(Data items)
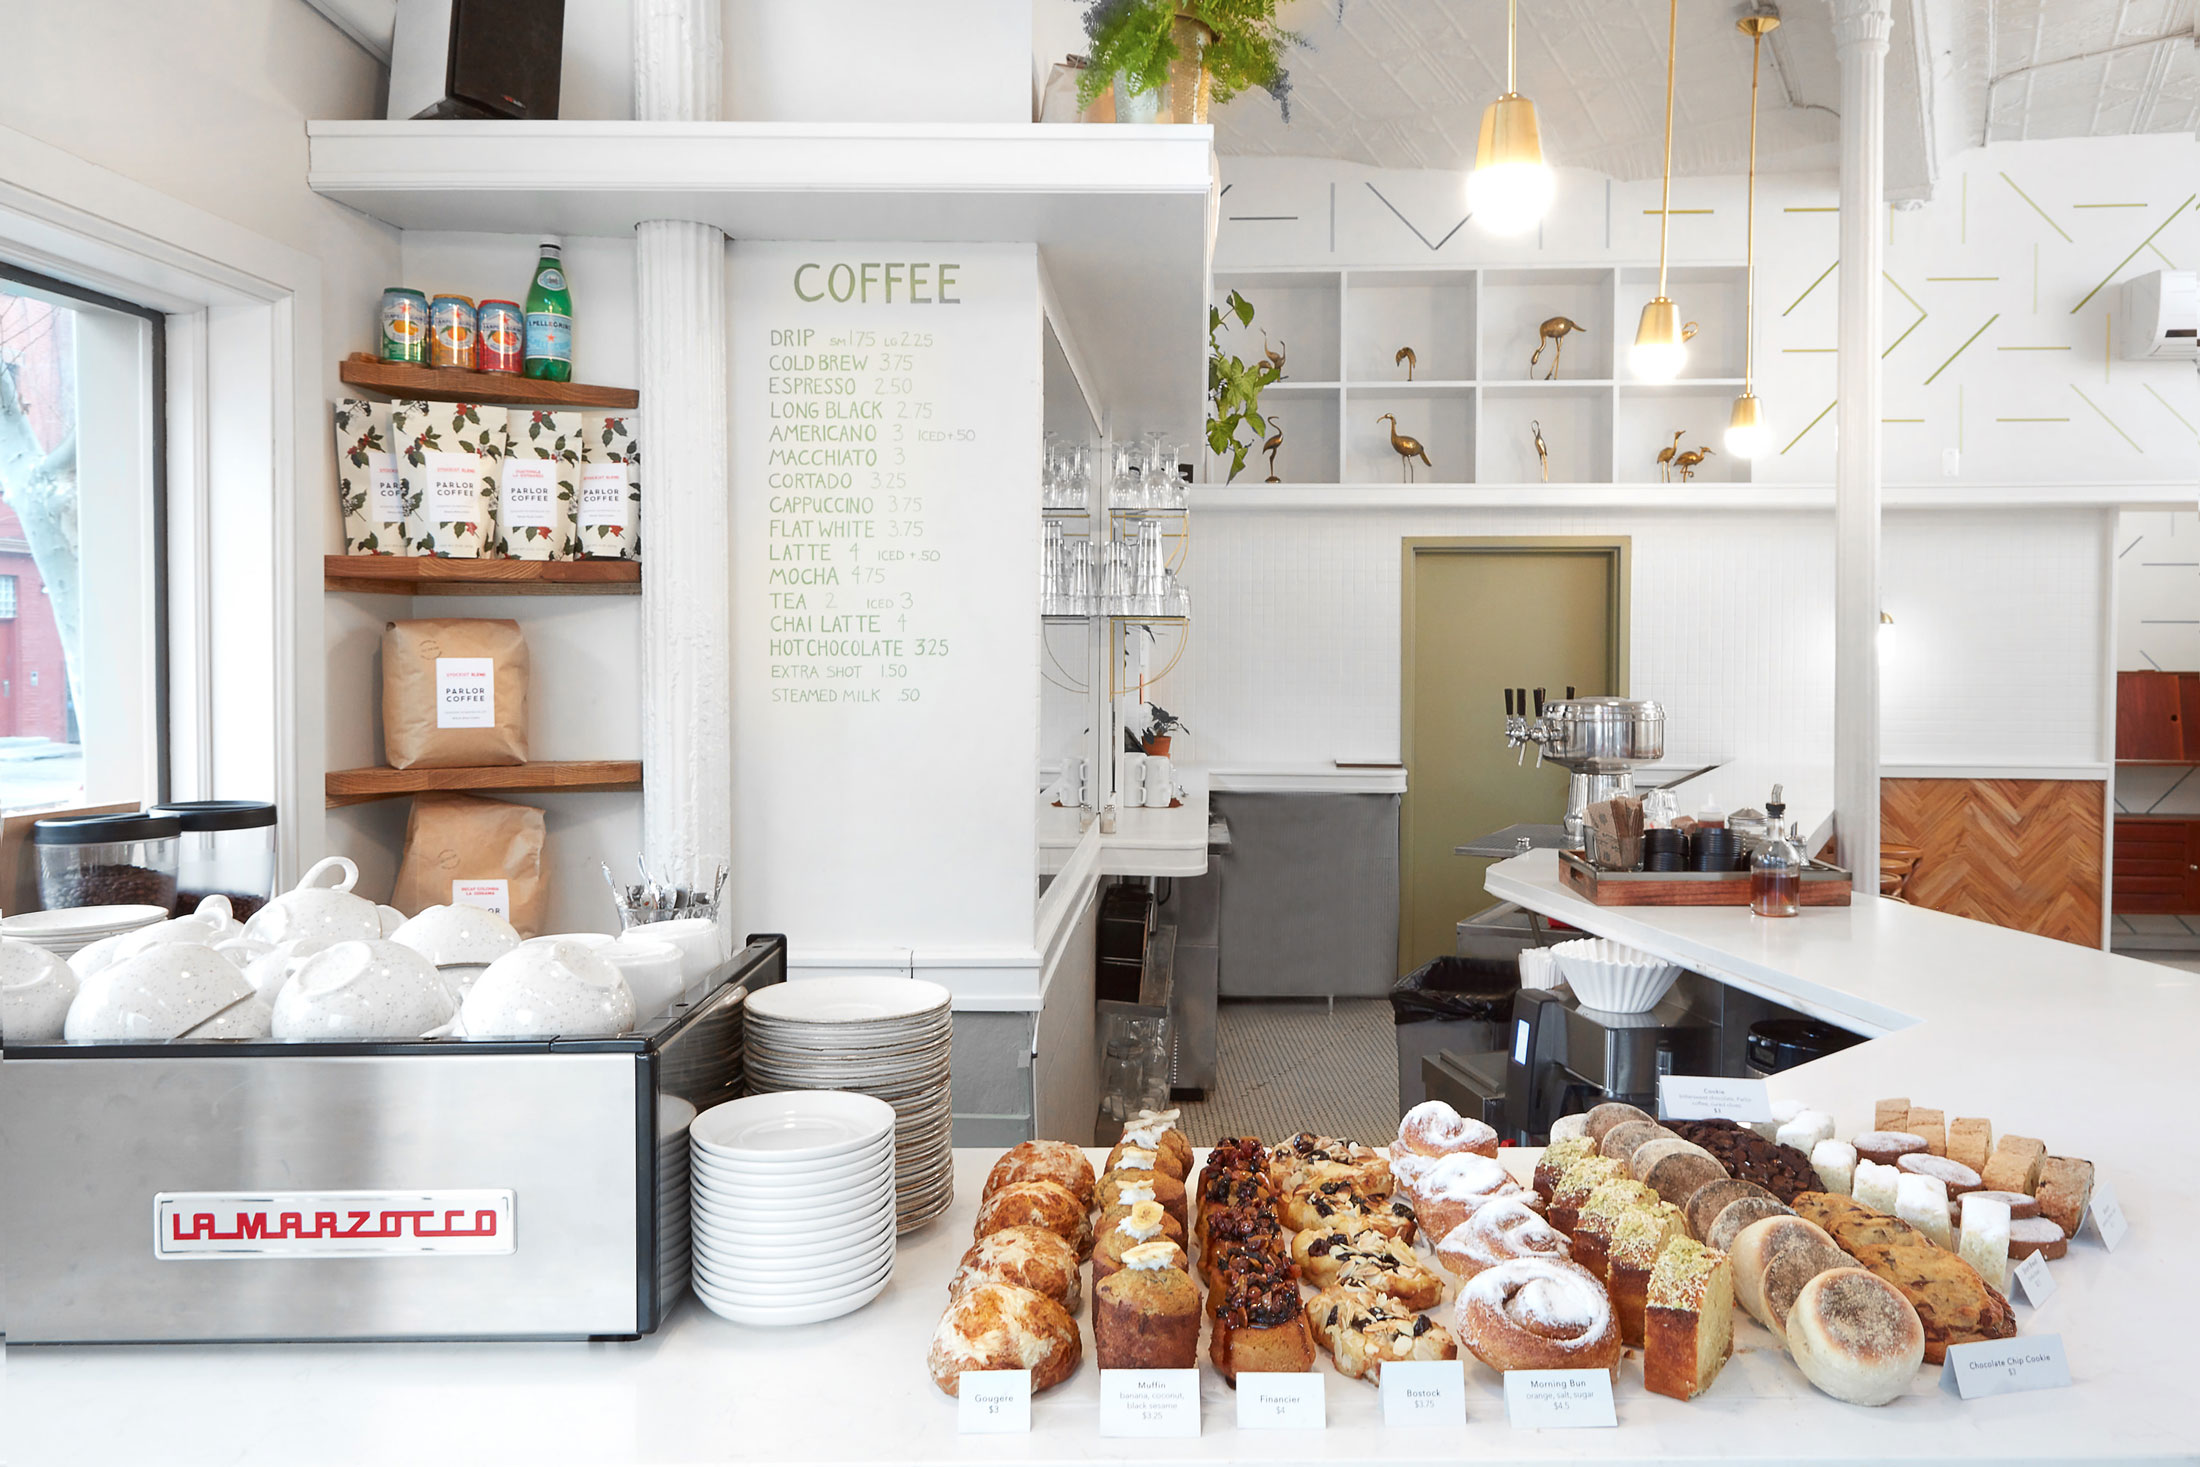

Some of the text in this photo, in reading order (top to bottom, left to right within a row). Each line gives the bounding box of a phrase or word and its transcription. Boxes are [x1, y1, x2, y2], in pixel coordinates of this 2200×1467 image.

[794, 263, 961, 304] COFFEE
[770, 329, 815, 347] DRIP
[769, 355, 814, 372] COLD
[818, 355, 868, 372] BREW
[769, 377, 856, 395] ESPRESSO
[770, 402, 819, 419] LONG
[826, 401, 883, 419] BLACK
[769, 424, 877, 443] AMERICANO
[893, 424, 904, 442] 3
[769, 448, 906, 467] MACCHIATO 3
[769, 472, 852, 490] CORTADO
[769, 496, 874, 514] CAPPUCCINO
[769, 520, 814, 538] FLAT
[818, 520, 875, 538] WHITE
[769, 543, 832, 561] LATTE
[848, 542, 861, 562] 4
[877, 549, 905, 562] ICED
[769, 567, 839, 585] MOCHA
[769, 592, 914, 610] TEA 2 ICED 3
[770, 614, 908, 633] CHAI LATTE 4
[770, 639, 805, 657] HOT
[807, 639, 903, 657] CHOCOLATE
[771, 665, 819, 679] EXTRA
[826, 665, 862, 679] SHOT
[771, 688, 838, 703] STEAMED
[843, 688, 880, 703] MILK
[1969, 1354, 2051, 1370] Chocolate Chip Cookie
[1138, 1381, 1166, 1389] Muffin
[1530, 1379, 1586, 1389] Morning Bun
[1119, 1391, 1185, 1400] banana, coconut,
[1260, 1394, 1300, 1403] Financier
[1406, 1389, 1440, 1398] Bostock
[1526, 1391, 1594, 1401] orange, salt, sugar
[989, 1405, 999, 1414] $3
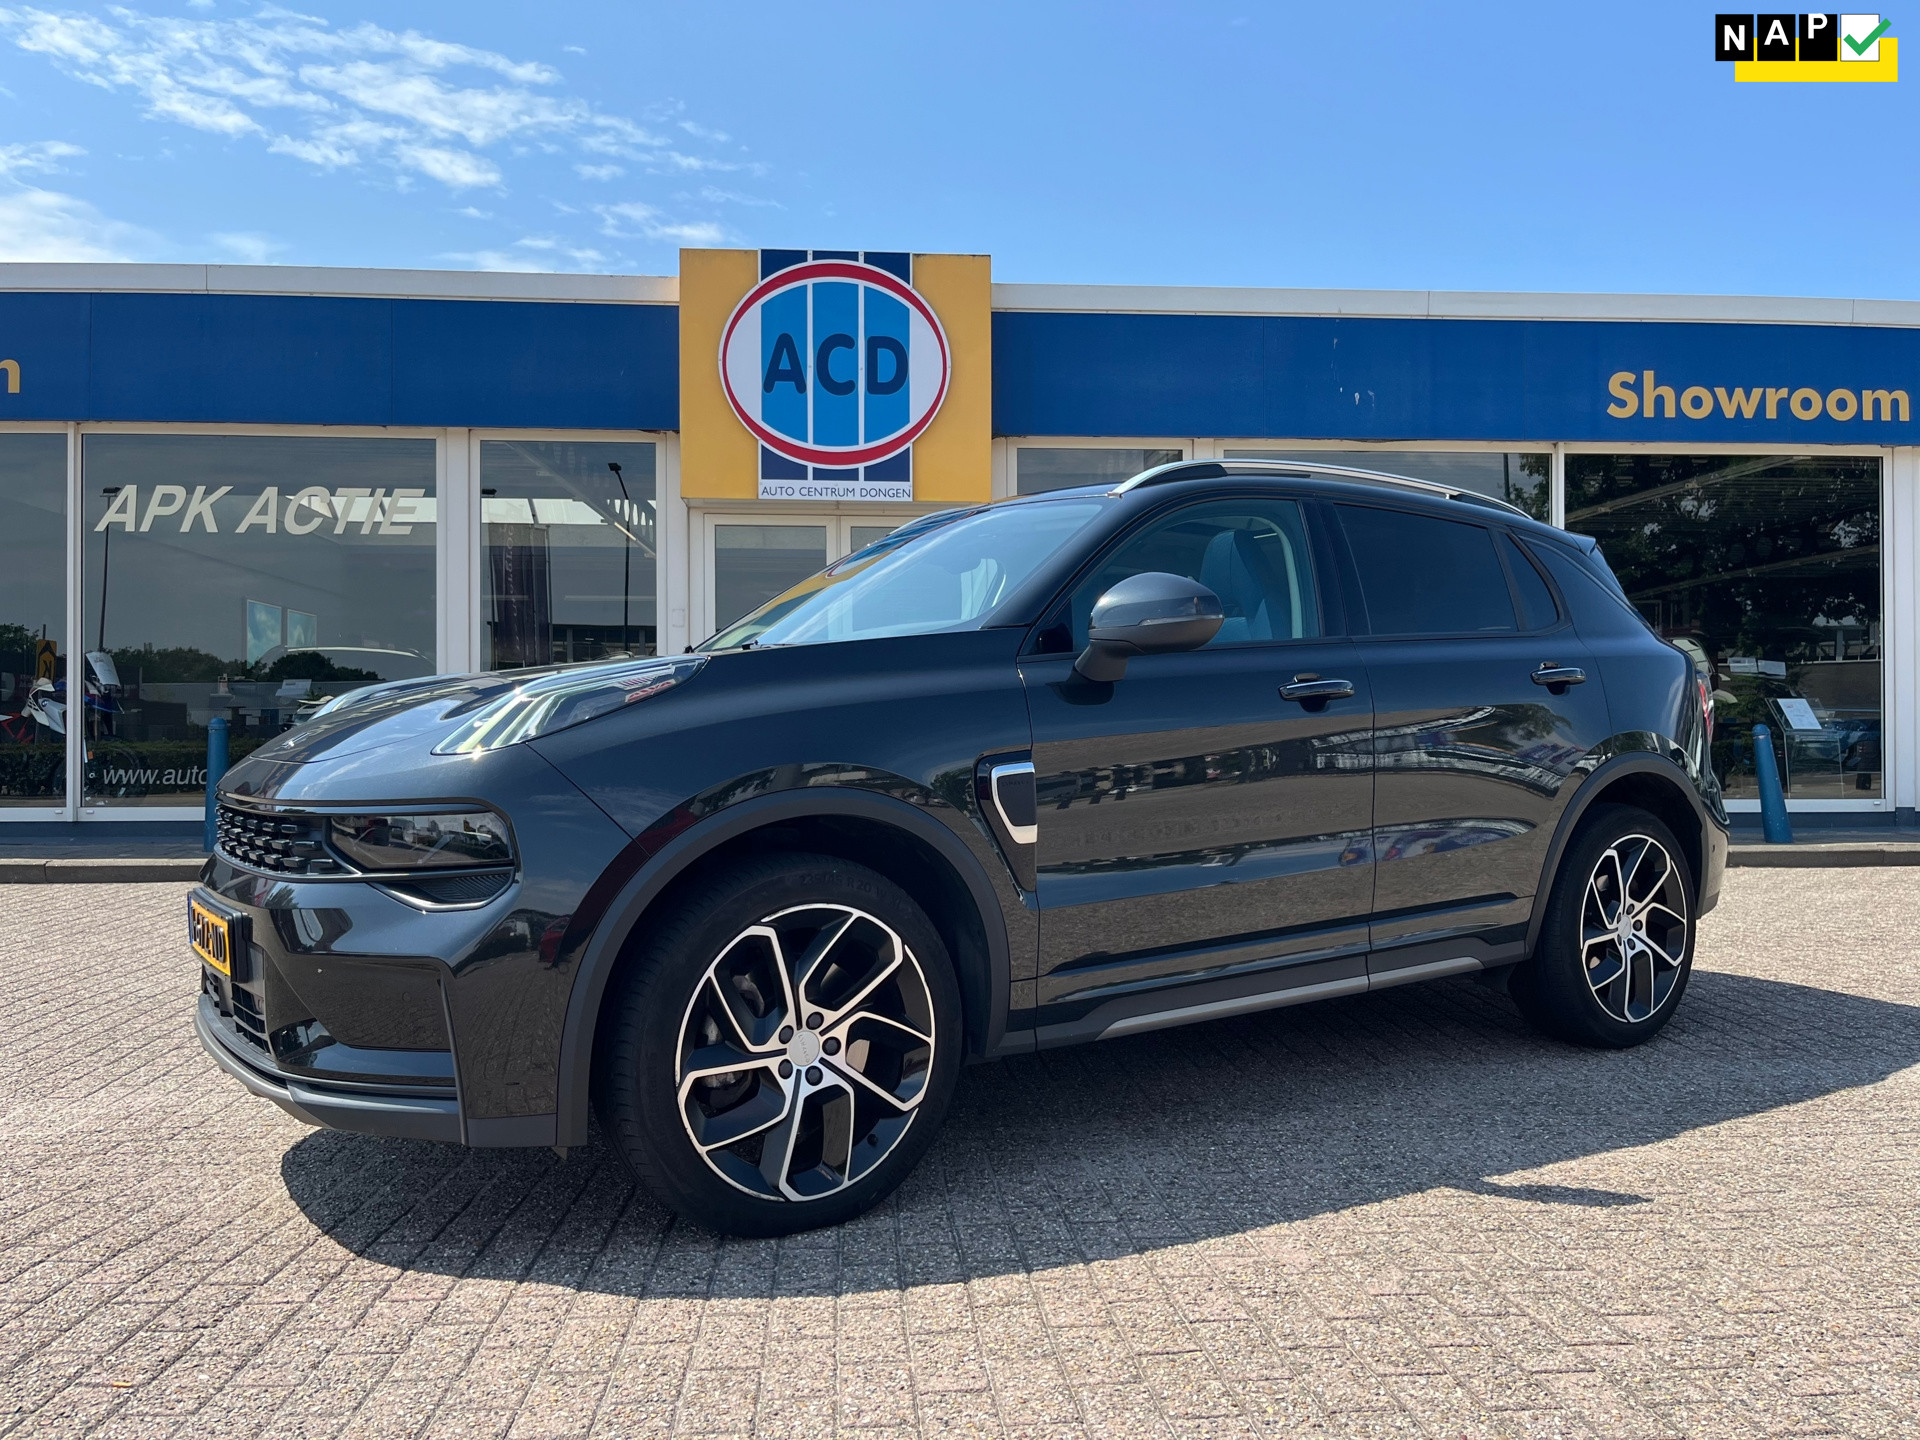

» Exercise instructions
When a record holds a picture, leave that picture out; copy the rest verbatim.

» Solution for this task
Some of the text in this photo, in reading order (top to bottom, left to right within a row). Each line gives the bounding box of a phrase or word and its transcription. Boxes are [x1, y1, x2, y2], in pixel coordinates of this 2200×1467 image.

[794, 263, 961, 304] COFFEE
[770, 329, 815, 347] DRIP
[769, 355, 814, 372] COLD
[818, 355, 868, 372] BREW
[769, 377, 856, 395] ESPRESSO
[770, 402, 819, 419] LONG
[826, 401, 883, 419] BLACK
[769, 424, 877, 443] AMERICANO
[893, 424, 904, 442] 3
[769, 448, 906, 467] MACCHIATO 3
[769, 472, 852, 490] CORTADO
[769, 496, 874, 514] CAPPUCCINO
[769, 520, 814, 538] FLAT
[818, 520, 875, 538] WHITE
[769, 543, 832, 561] LATTE
[848, 542, 861, 562] 4
[877, 549, 905, 562] ICED
[769, 567, 839, 585] MOCHA
[769, 592, 914, 610] TEA 2 ICED 3
[770, 614, 908, 633] CHAI LATTE 4
[770, 639, 805, 657] HOT
[807, 639, 903, 657] CHOCOLATE
[771, 665, 819, 679] EXTRA
[826, 665, 862, 679] SHOT
[771, 688, 838, 703] STEAMED
[843, 688, 880, 703] MILK
[1969, 1354, 2051, 1370] Chocolate Chip Cookie
[1138, 1381, 1166, 1389] Muffin
[1530, 1379, 1586, 1389] Morning Bun
[1119, 1391, 1185, 1400] banana, coconut,
[1260, 1394, 1300, 1403] Financier
[1406, 1389, 1440, 1398] Bostock
[1526, 1391, 1594, 1401] orange, salt, sugar
[989, 1405, 999, 1414] $3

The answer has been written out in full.